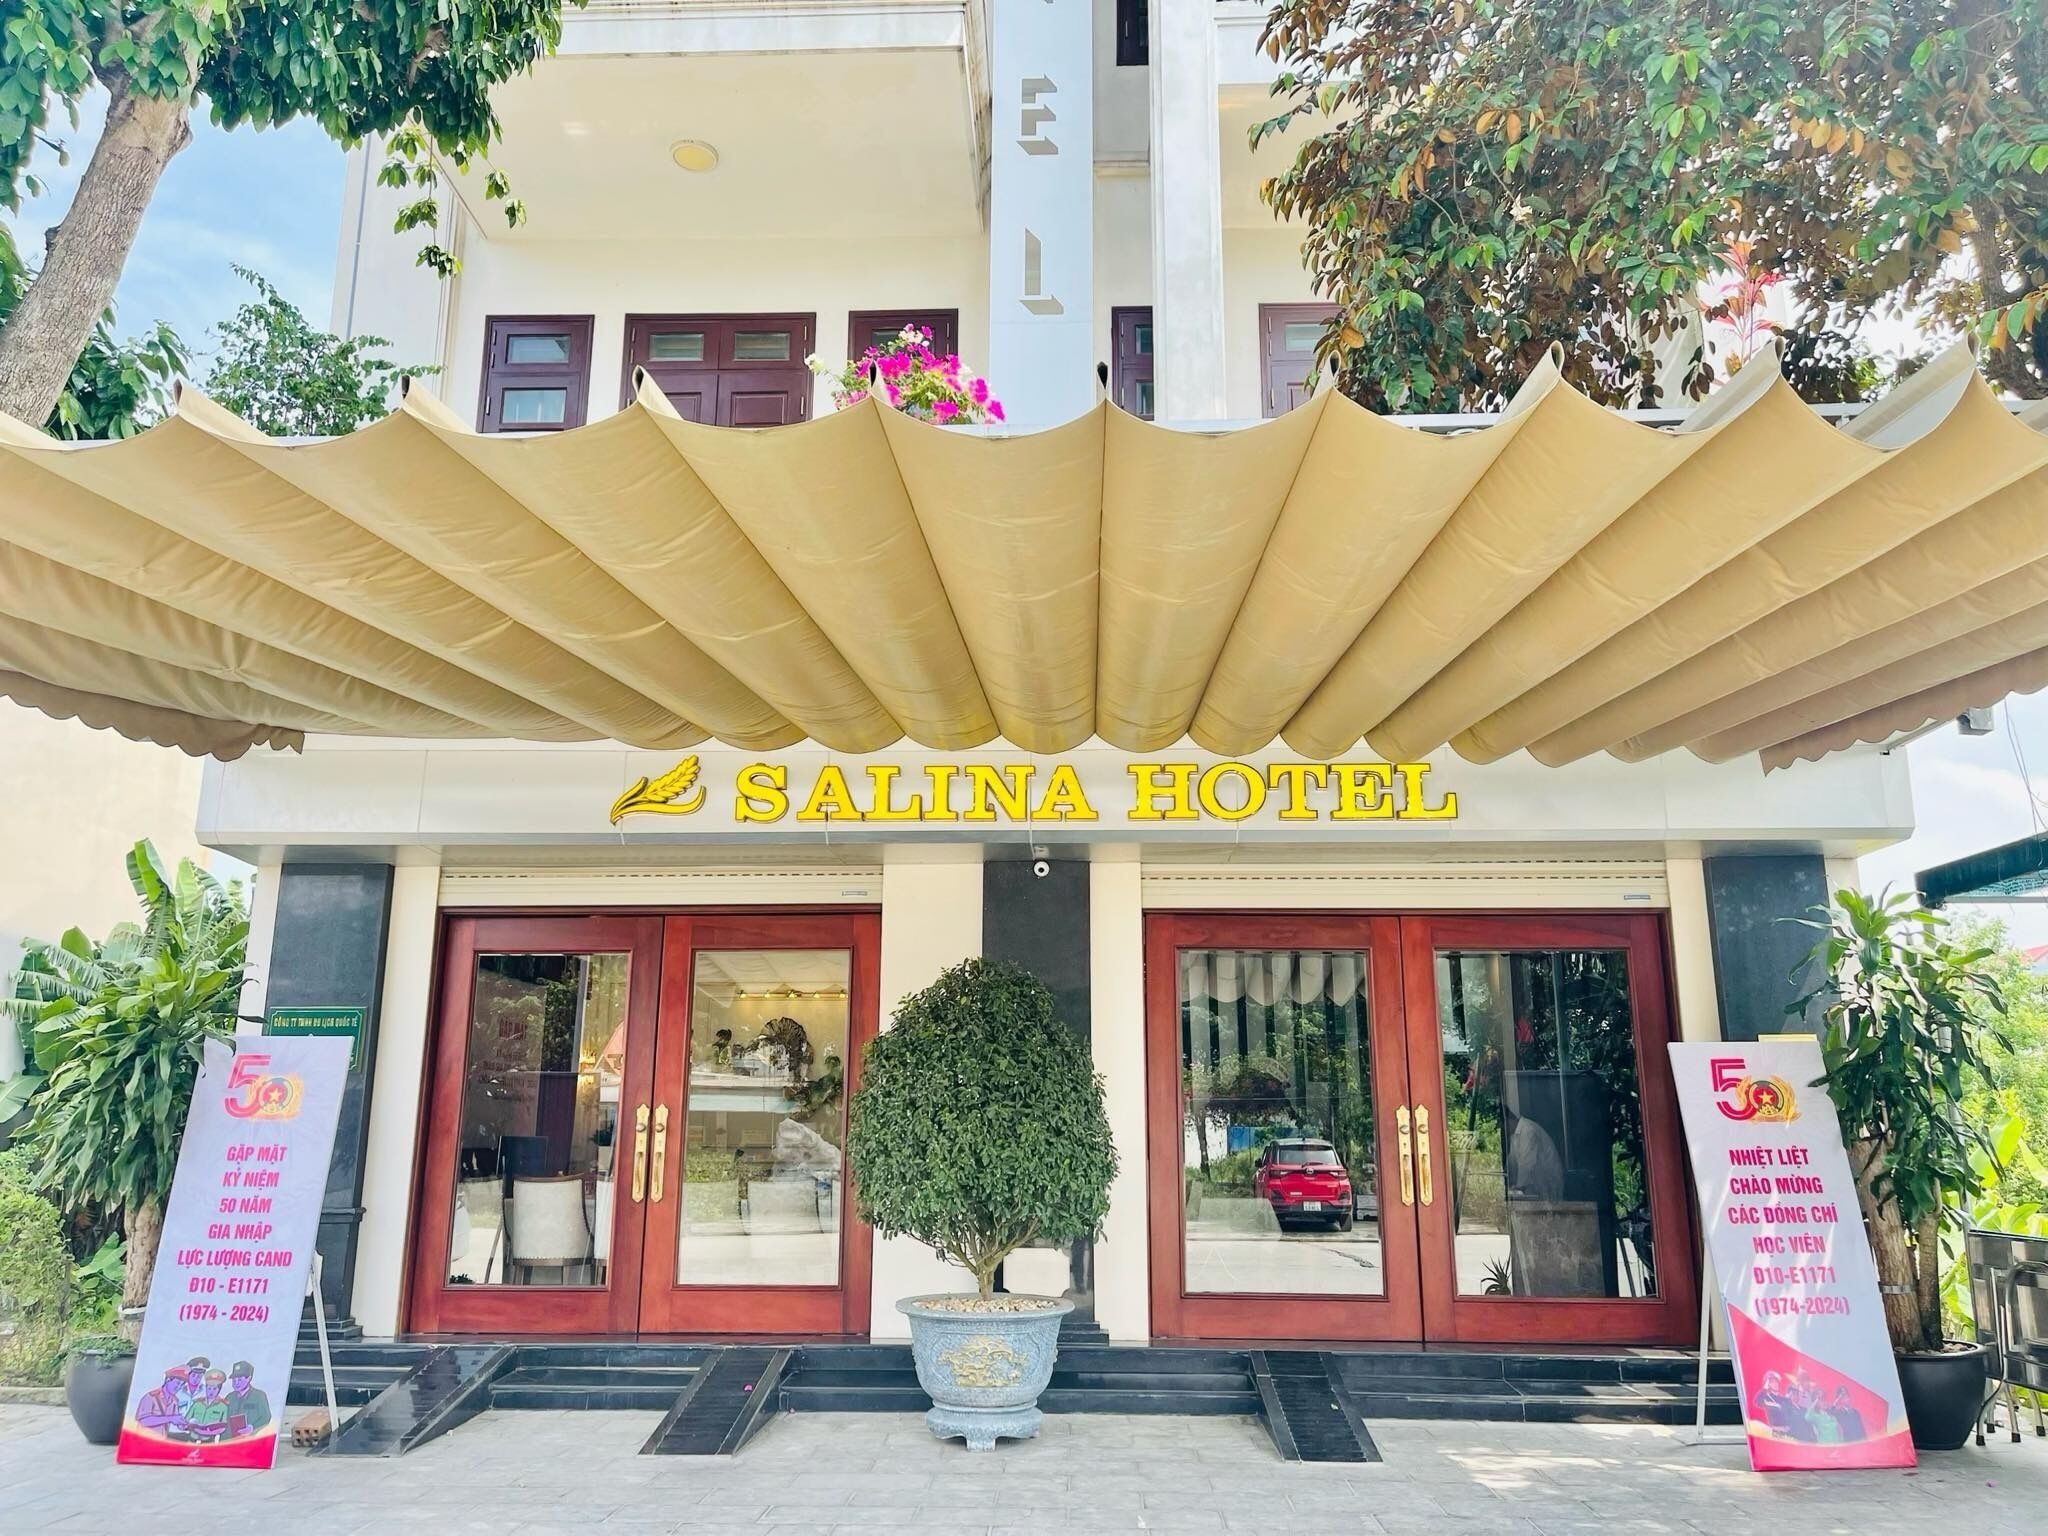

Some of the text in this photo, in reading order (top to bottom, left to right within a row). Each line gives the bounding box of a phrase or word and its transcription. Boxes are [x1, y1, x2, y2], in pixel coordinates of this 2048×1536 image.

[735, 761, 1458, 822] SALINA HOTEL
[226, 1143, 287, 1165] GẶP MẶT
[1728, 1145, 1809, 1169] NHIỆT LIỆT
[222, 1167, 280, 1191] KỶ NIỆM
[1730, 1174, 1823, 1195] CHÀO MỪNG
[219, 1195, 272, 1213] 50 NĂM
[1728, 1201, 1838, 1224] CÁC ĐỒNG CHÍ
[208, 1221, 272, 1244] GIA NHẬP
[1753, 1232, 1826, 1257] HỌC VIÊN
[177, 1249, 293, 1270] LỰC LƯỢNG CAND
[189, 1277, 216, 1293] Đ10
[228, 1278, 269, 1294] E1171
[1753, 1266, 1836, 1284] Đ10-E1171
[179, 1304, 217, 1321] (1974
[230, 1305, 269, 1323] 2024)
[1754, 1296, 1850, 1317] (1974-2024)

++++++++++++++++++++

Above is a listing with pictures. Write it out exactly without them.

Some of the text in this photo, in reading order (top to bottom, left to right within a row). Each line gives the bounding box of a phrase or word and its transcription. Boxes are [x1, y1, x2, y2], in pixel coordinates of this 2048×1536 image.

[735, 761, 1458, 822] SALINA HOTEL
[226, 1143, 287, 1165] GẶP MẶT
[1728, 1145, 1809, 1169] NHIỆT LIỆT
[222, 1167, 280, 1191] KỶ NIỆM
[1730, 1174, 1823, 1195] CHÀO MỪNG
[219, 1195, 272, 1213] 50 NĂM
[1728, 1201, 1838, 1224] CÁC ĐỒNG CHÍ
[208, 1221, 272, 1244] GIA NHẬP
[1753, 1232, 1826, 1257] HỌC VIÊN
[177, 1249, 293, 1270] LỰC LƯỢNG CAND
[189, 1277, 216, 1293] Đ10
[228, 1278, 269, 1294] E1171
[1753, 1266, 1836, 1284] Đ10-E1171
[179, 1304, 217, 1321] (1974
[230, 1305, 269, 1323] 2024)
[1754, 1296, 1850, 1317] (1974-2024)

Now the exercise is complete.